Here I am.
I've finally made it. I sit here typing this in the apartment complex where I now live with Lalita and her husband, precisely 1,298 miles from my former home in Georgia.
My, the places I where I find myself. And the insane life I lead. Now the difference between dreaming and actually living those dreams has coalesced out of the theoretical ether.
It's funny how the little things stick
Make you seasick
Sweep you off your feet
Sweep me off my feet
How does it feel?
I played a game last December that unfortunately flew under most people's radar: Xenoblade Chronicles: X by Monolithsoft and Nintendo.

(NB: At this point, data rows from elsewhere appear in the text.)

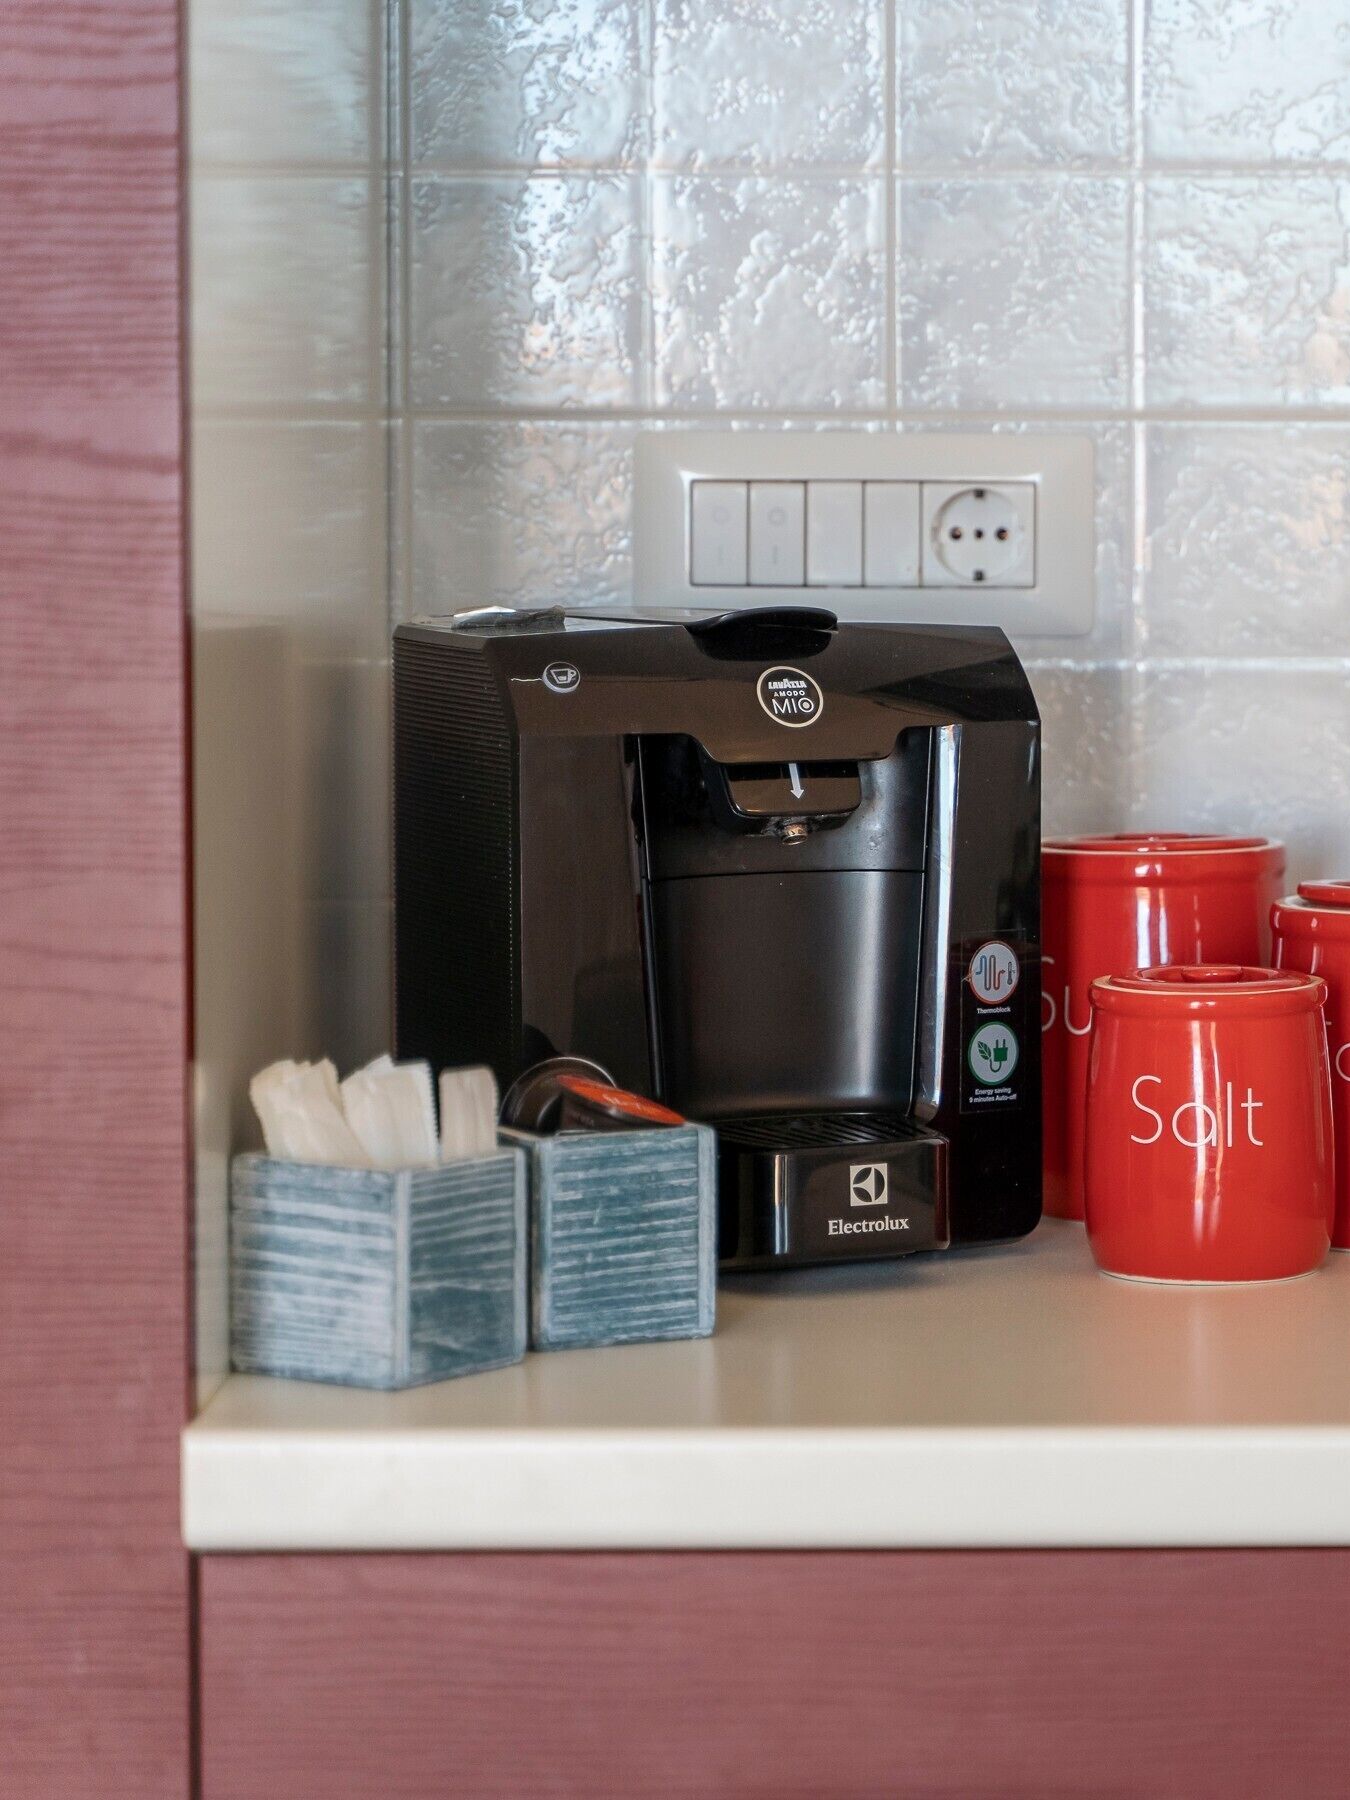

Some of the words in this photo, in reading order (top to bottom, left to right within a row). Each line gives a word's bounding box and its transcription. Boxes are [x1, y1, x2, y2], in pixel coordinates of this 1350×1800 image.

[768, 678, 807, 689] LAVAZZA
[771, 697, 815, 715] MIO
[976, 1006, 1011, 1014] Thermoblock
[974, 1088, 993, 1096] Energy
[1130, 1074, 1264, 1148] Salt
[827, 1216, 910, 1236] Electrolux

In Xenoblade Chronicles: X, I explored the bizarre and wonderfully alien world of Mira, where a handful of the last humans escaping from the wreckage of Earth land and face survival against thousands of dangerous species and extreme environments. On the five continents of Mira, looming fairy towers dwarfed me as immense, bioluminescent flying creatures sailed serenely between them. From that game I truly felt the vertiginous rush of encountering the frontier. I spent more than 170 hours just gaping at the stupefying wonders that marched toward me in seemingly endless succession. I felt giddy, beside myself at realizing that (diegetically, of course) I was likely the first human to witness those elusive lands and their secrets. Mira pulled me along inexorably, but I had no desire to remain still. My own curiosity and wonder propelled me onward, higher and deeper. I was exploring myself as much as the world around me. Not even in Skyrim did I feel so happily lost in a virtual world. Playing Xenoblade Chronicles: X is an experience I'm not likely to forget.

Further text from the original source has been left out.